Random Forest Models

CODE:

Digital soil mapping using Random Forest algorithm

Introduction
Data preparation
Perform the covariate intersection
Model fitting
Cross-validation
Applying the model spatially

Introduction

A prevalent data mining algorithm in DSM and the soil sciences, and in applied sciences in general is the Random Forests algorithm. This algorithm is implemented in various forms across several different R packages. One of these, the randomForest package, can be used for both regression and classification purposes.

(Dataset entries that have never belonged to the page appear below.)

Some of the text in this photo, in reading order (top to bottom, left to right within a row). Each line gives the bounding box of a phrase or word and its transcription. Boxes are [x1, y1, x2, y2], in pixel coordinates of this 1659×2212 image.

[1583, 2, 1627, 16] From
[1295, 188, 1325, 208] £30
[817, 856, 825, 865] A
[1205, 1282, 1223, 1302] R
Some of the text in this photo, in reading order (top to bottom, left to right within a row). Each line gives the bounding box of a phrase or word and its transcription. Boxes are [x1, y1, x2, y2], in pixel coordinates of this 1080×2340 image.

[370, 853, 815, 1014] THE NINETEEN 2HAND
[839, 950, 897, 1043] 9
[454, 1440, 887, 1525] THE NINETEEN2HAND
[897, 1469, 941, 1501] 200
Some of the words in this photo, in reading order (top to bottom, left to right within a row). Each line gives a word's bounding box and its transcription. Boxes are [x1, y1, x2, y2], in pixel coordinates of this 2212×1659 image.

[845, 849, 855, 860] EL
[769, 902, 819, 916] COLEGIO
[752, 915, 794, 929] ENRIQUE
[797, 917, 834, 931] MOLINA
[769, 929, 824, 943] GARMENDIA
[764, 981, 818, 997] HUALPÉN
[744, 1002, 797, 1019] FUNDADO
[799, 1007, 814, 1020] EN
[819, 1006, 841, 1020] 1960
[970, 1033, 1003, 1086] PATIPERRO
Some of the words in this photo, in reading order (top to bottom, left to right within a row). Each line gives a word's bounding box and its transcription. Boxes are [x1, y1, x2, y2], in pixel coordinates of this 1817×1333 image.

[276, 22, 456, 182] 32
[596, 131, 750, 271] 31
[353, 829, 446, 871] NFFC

Random Forests are a boosted decision tree model. Further, Random Forests are an ensemble learning method for classification (and regression) that operate by constructing a multitude of decision trees at training time, which are later aggregated to give one single prediction for each observation in a data set.

For regression, the prediction is the average of the individual tree outputs, whereas in classification the trees vote by majority on the correct classification (mode). For further information regarding Random Forest and their underlying theory it is worth consulting Breiman (2001) and then Grimm et al. (2008) as an example of its application in DSM studies.

Data preparation

So lets firstly get the data organized. Recall from before in the data preparatory exercises that we were working with the soil point data and environmental covariates for the Hunter Valley area. These data are stored in the HV_subsoilpH object together with associated rasters supplied with the ithir package.

For the succession of models examined in these various pages, we will concentrate on modelling and mapping the soil pH for the 60-100cm depth interval. To refresh, lets load the data in, then intersect the data with the available covariates.

# libraries
library(ithir)
library(terra)
library(sf)
library(randomForest)

# point data
data(HV_subsoilpH)

# Start afresh round pH data to 2 decimal places
HV_subsoilpH$pH60_100cm <- round(HV_subsoilpH$pH60_100cm, 2)

# remove already intersected data
HV_subsoilpH <- HV_subsoilpH[, 1:3]

# add an id column
HV_subsoilpH$id <- seq(1, nrow(HV_subsoilpH), by = 1)

# re-arrange order of columns
HV_subsoilpH <- HV_subsoilpH[, c(4, 1, 2, 3)]

# Change names of coordinate columns
names(HV_subsoilpH)[2:3] <- c("x", "y")
# save a copy of coordinates
HV_subsoilpH$x2 <- HV_subsoilpH$x
HV_subsoilpH$y2 <- HV_subsoilpH$y

# convert data to sf object
HV_subsoilpH <- sf::st_as_sf(x = HV_subsoilpH, coords = c("x", "y"))

# grids (covariate rasters from ithir package)
hv.sub.rasters <- list.files(path = system.file("extdata/", package = "ithir"), pattern = "hunterCovariates_sub",
full.names = TRUE)

# read them into R as SpatRaster objects
hv.sub.rasters <- terra::rast(hv.sub.rasters)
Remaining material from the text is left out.